From: David Gillett <gillettdavid(at)fhda.edu>
Date: Thu Feb 27 2003 - 14:25:44 EST


  Two clues:

  1. Port 110 is used by the POP3 email protocol.
  2. A normal shutdown of a TCP connection is for one side to send a packet with the FIN flag set, which the other side acknowledges, then the other side sends a FIN which the first side acknowledges. RST is generally sent as a signal that the sending side is giving up the connection, often because of a timeout. This may mean that a FIN was sent but not received, or received but ignored.
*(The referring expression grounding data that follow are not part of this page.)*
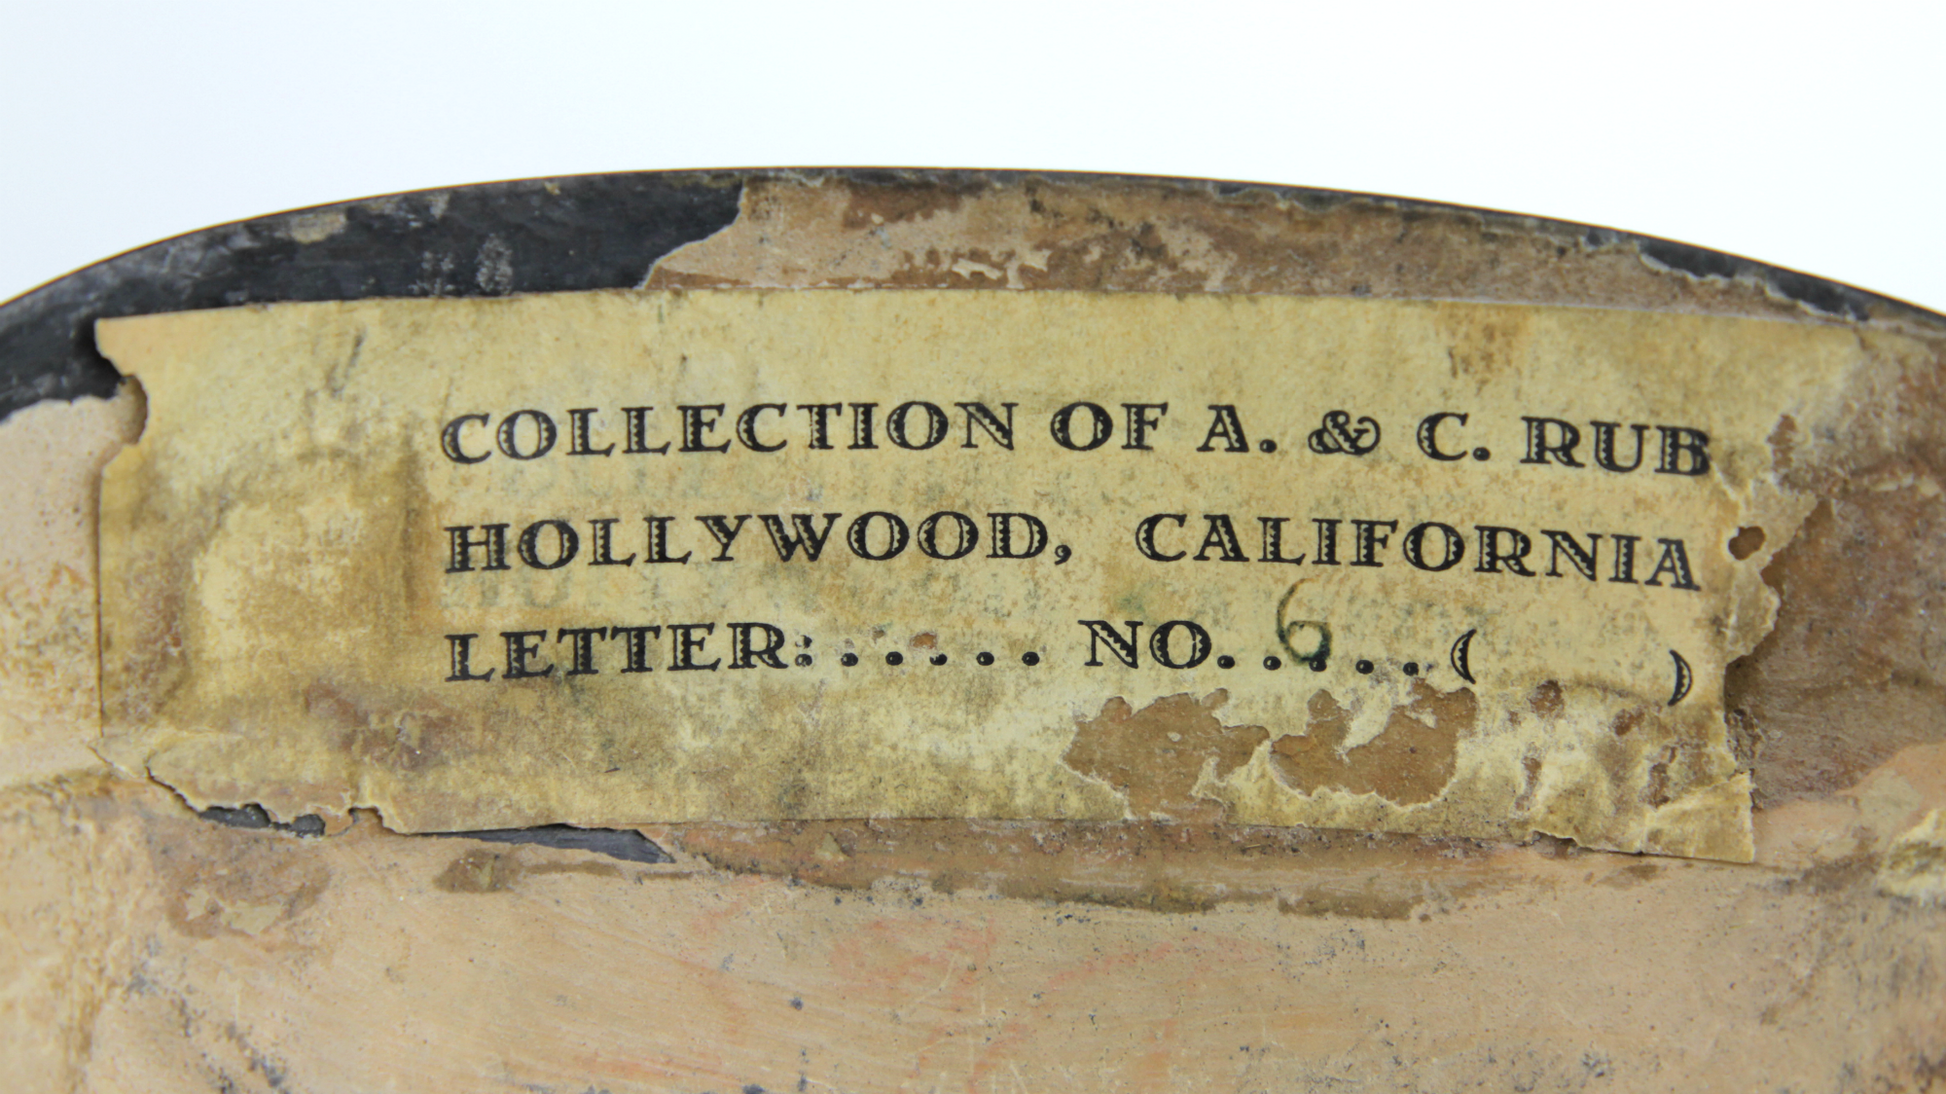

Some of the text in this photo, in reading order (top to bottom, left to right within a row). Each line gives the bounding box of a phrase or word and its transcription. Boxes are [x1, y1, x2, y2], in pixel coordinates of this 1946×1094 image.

[440, 400, 1018, 464] COLLECTION
[1050, 402, 1168, 452] OF
[1197, 404, 1278, 453] A.
[1308, 410, 1381, 456] &
[1416, 411, 1491, 461] C.
[444, 510, 1702, 591] HOLLYWOOD, CALIFORNIA
[1078, 619, 1235, 669] NO.
[1276, 577, 1333, 664] 6
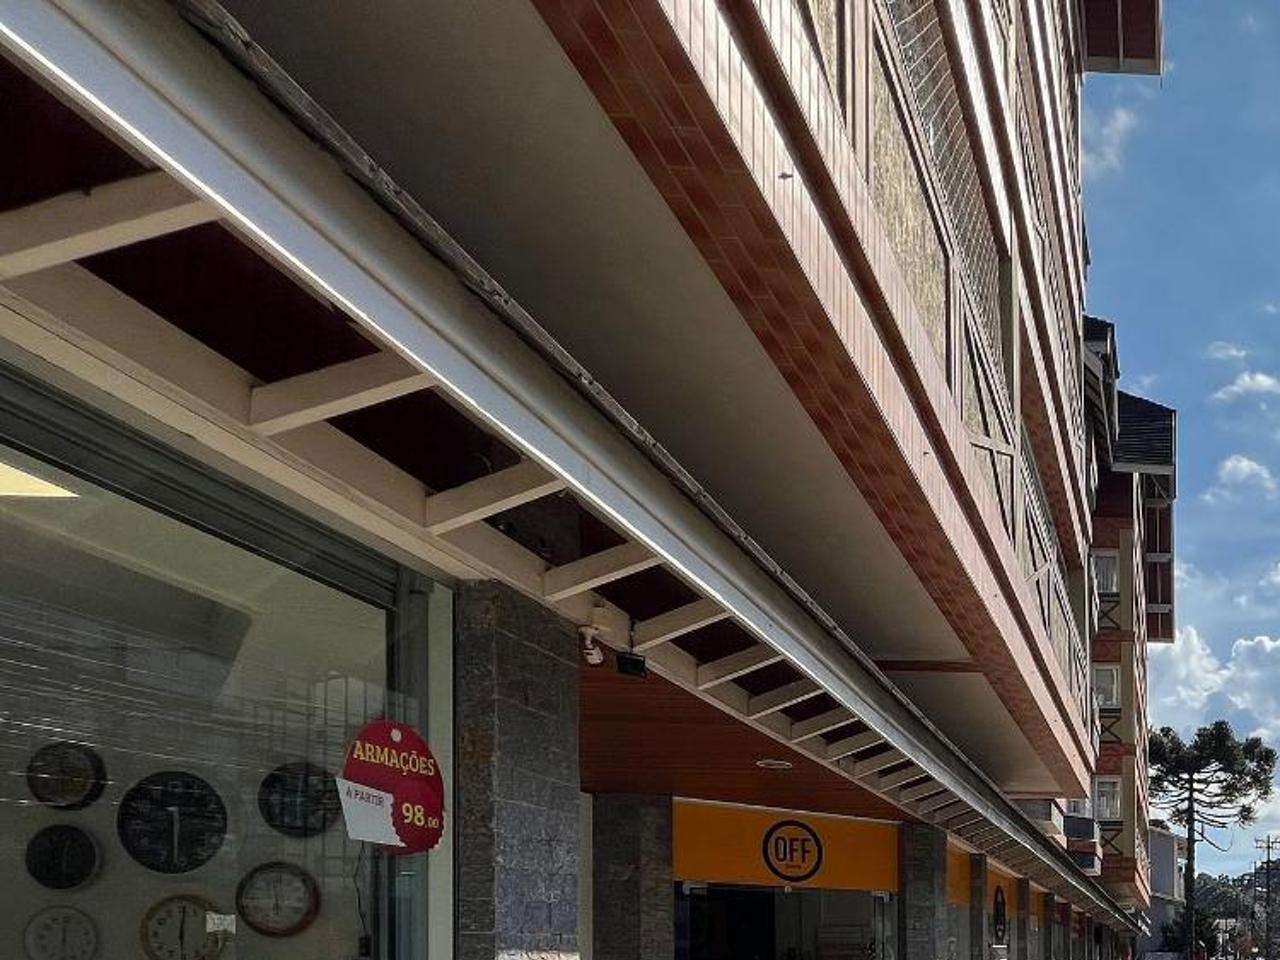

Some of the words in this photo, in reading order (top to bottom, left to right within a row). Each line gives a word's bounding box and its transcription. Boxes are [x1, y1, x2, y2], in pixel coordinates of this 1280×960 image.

[353, 740, 435, 776] ARMAÇÕES
[346, 786, 352, 799] A
[774, 836, 812, 863] OFF
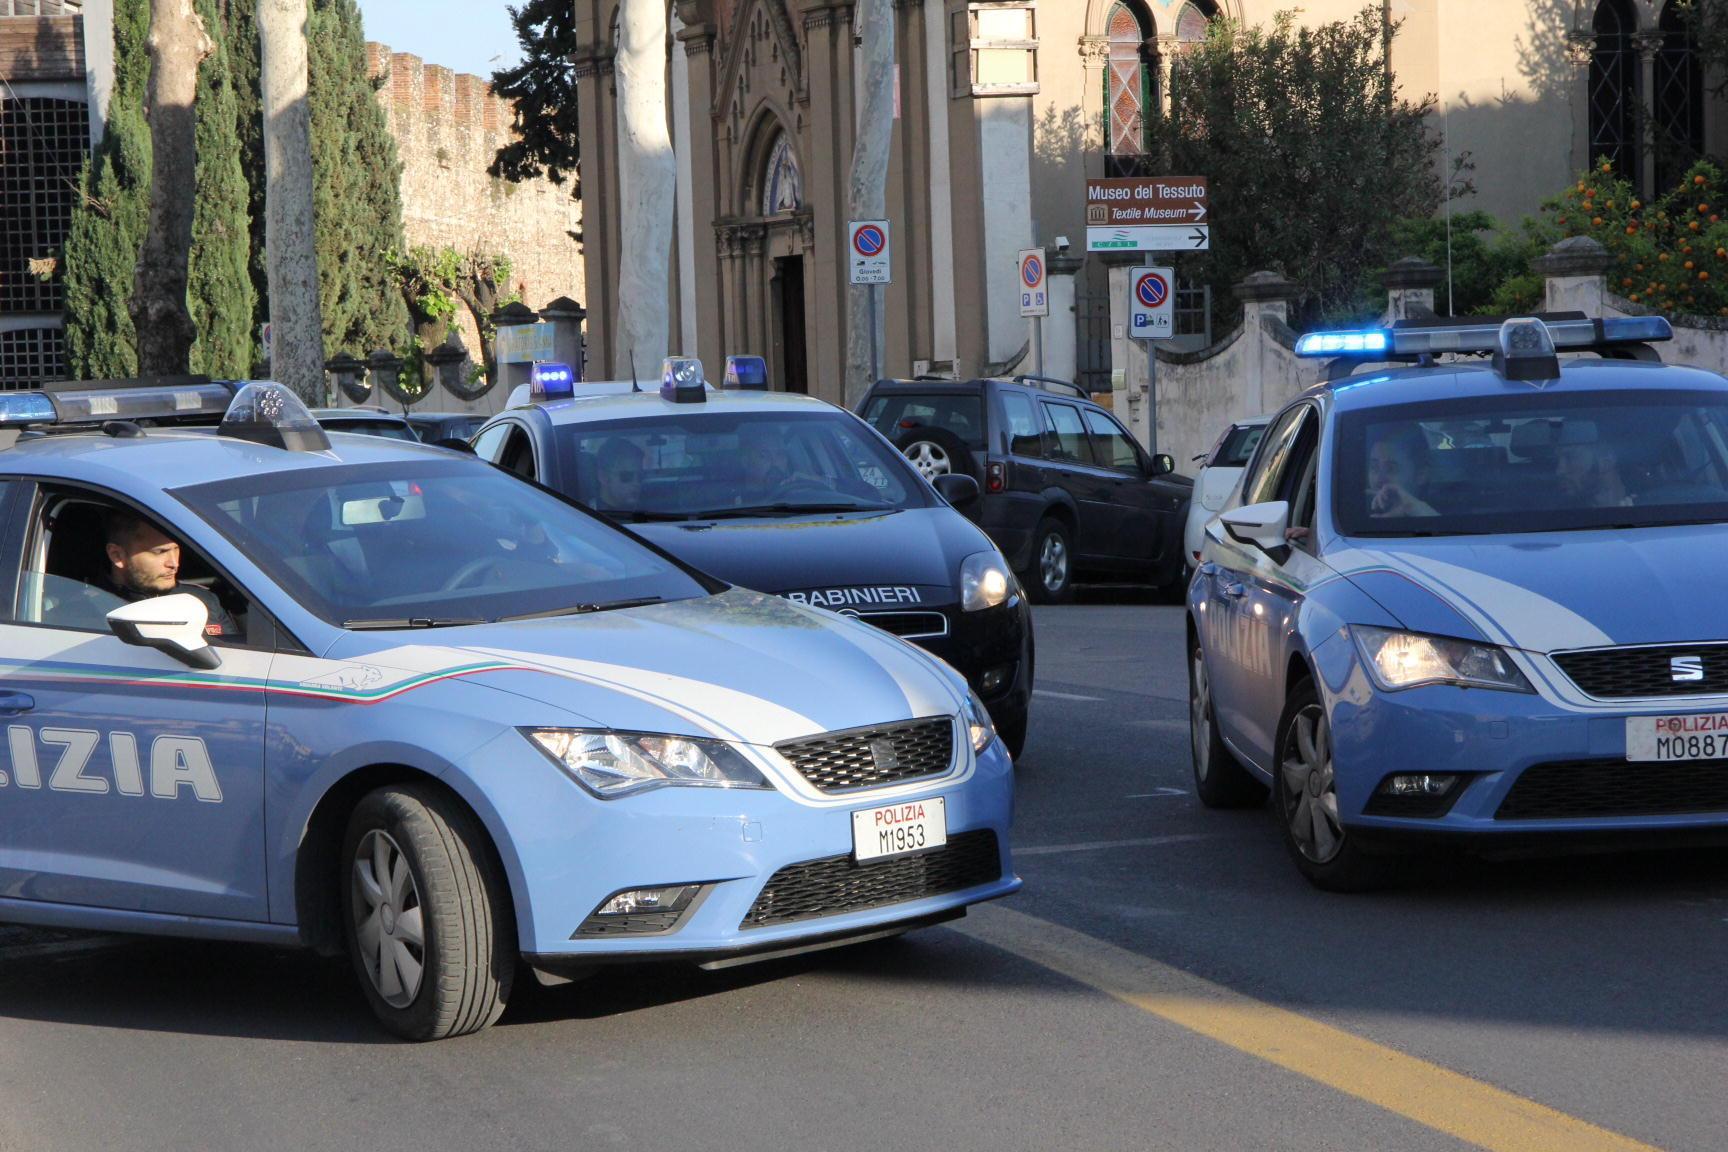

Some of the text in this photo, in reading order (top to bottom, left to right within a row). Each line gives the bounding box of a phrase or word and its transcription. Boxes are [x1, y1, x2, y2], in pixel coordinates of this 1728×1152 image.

[1088, 183, 1205, 200] Museo del Tessuto
[1112, 207, 1187, 219] Textile Museum
[1136, 315, 1145, 326] P
[775, 586, 921, 608] RABINIERI
[1655, 715, 1728, 733] POLIZIA
[0, 724, 224, 804] IZIA
[874, 804, 926, 826] POLIZIA
[879, 824, 925, 854] M1953
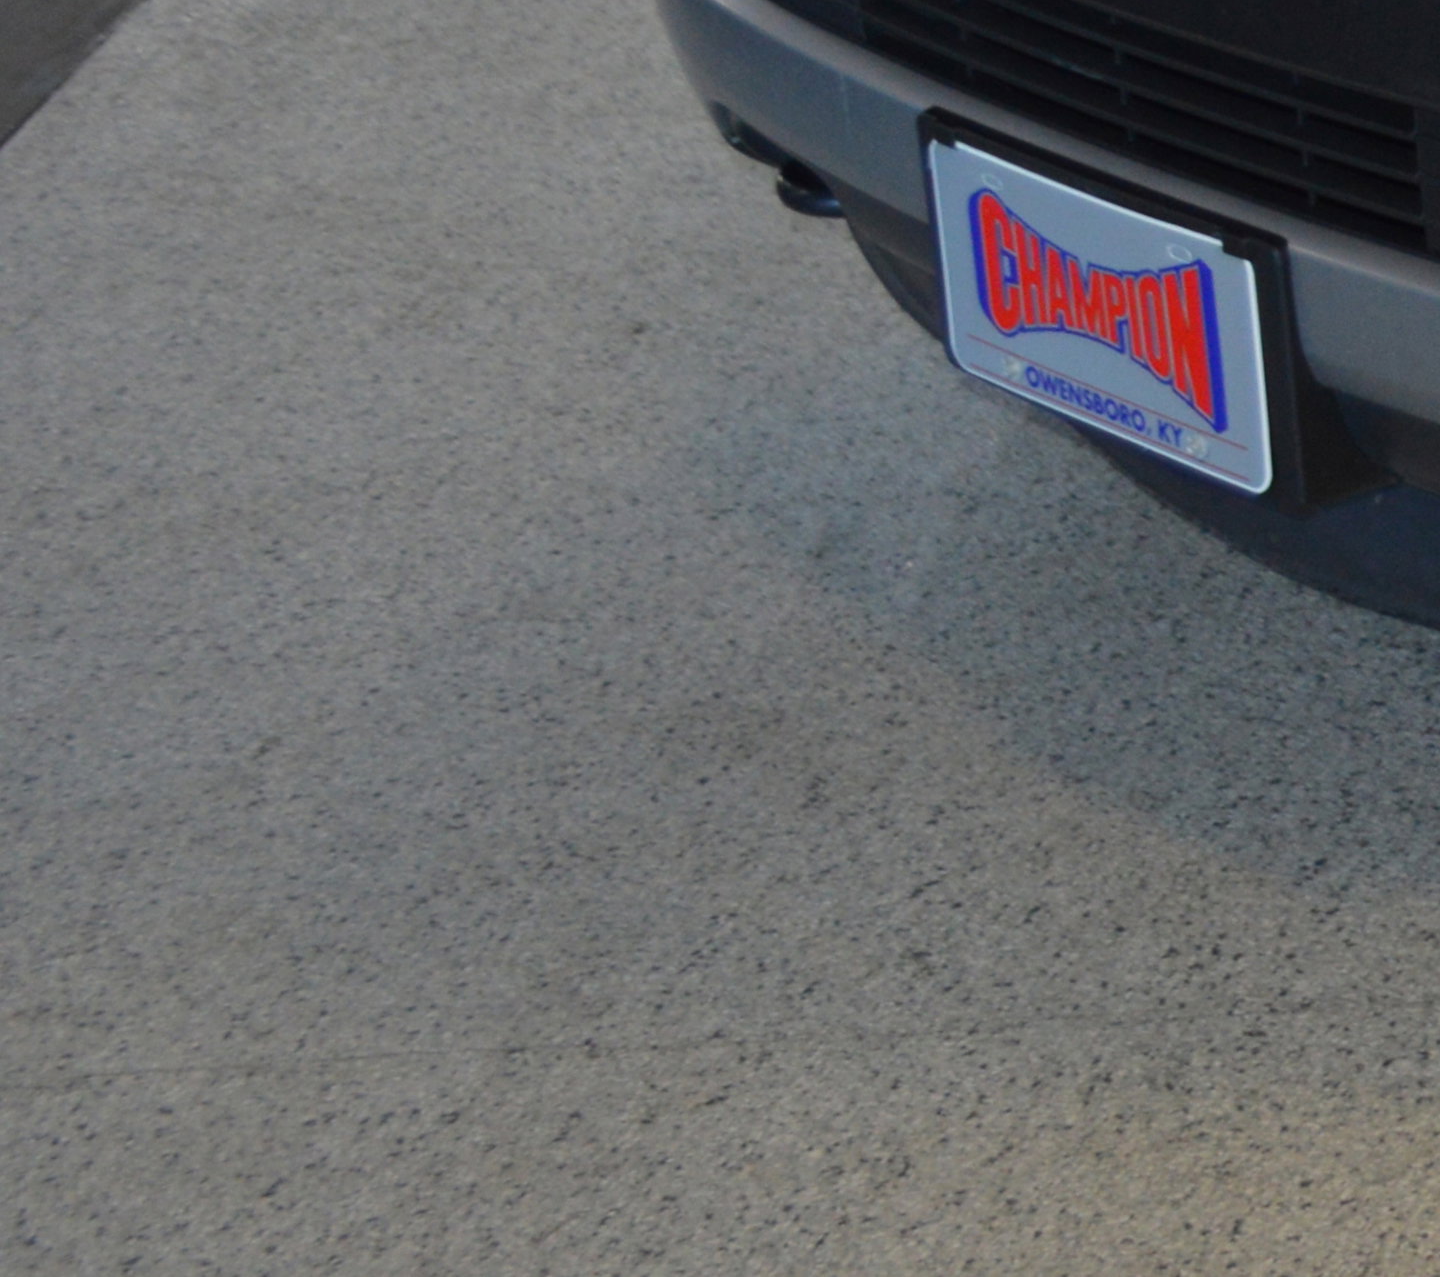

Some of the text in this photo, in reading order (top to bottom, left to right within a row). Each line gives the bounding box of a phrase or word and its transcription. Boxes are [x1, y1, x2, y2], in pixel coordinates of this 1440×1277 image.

  The PIX is a "stateful inspection" firewall, which means that it checks that incoming packets are part of an established connection. The "(no connection)" indicates that this check has failed for the packet.   So what I expect you're seeing is that an internal client has been downloading mail from -- or port-scanning looking for a POP3 exploit -- 161.58.238.151 and 200.24.76.3 and 200.24.76.8, and has abandoned the connections (perhaps the exploit failed or their password was wrong).   For some reason, the PIX has seen them drop the connection, or (more likely) has timed it out. Finally the server has timed it out, and it's the server "hanging up the phone" that the PIX is seeing and logging.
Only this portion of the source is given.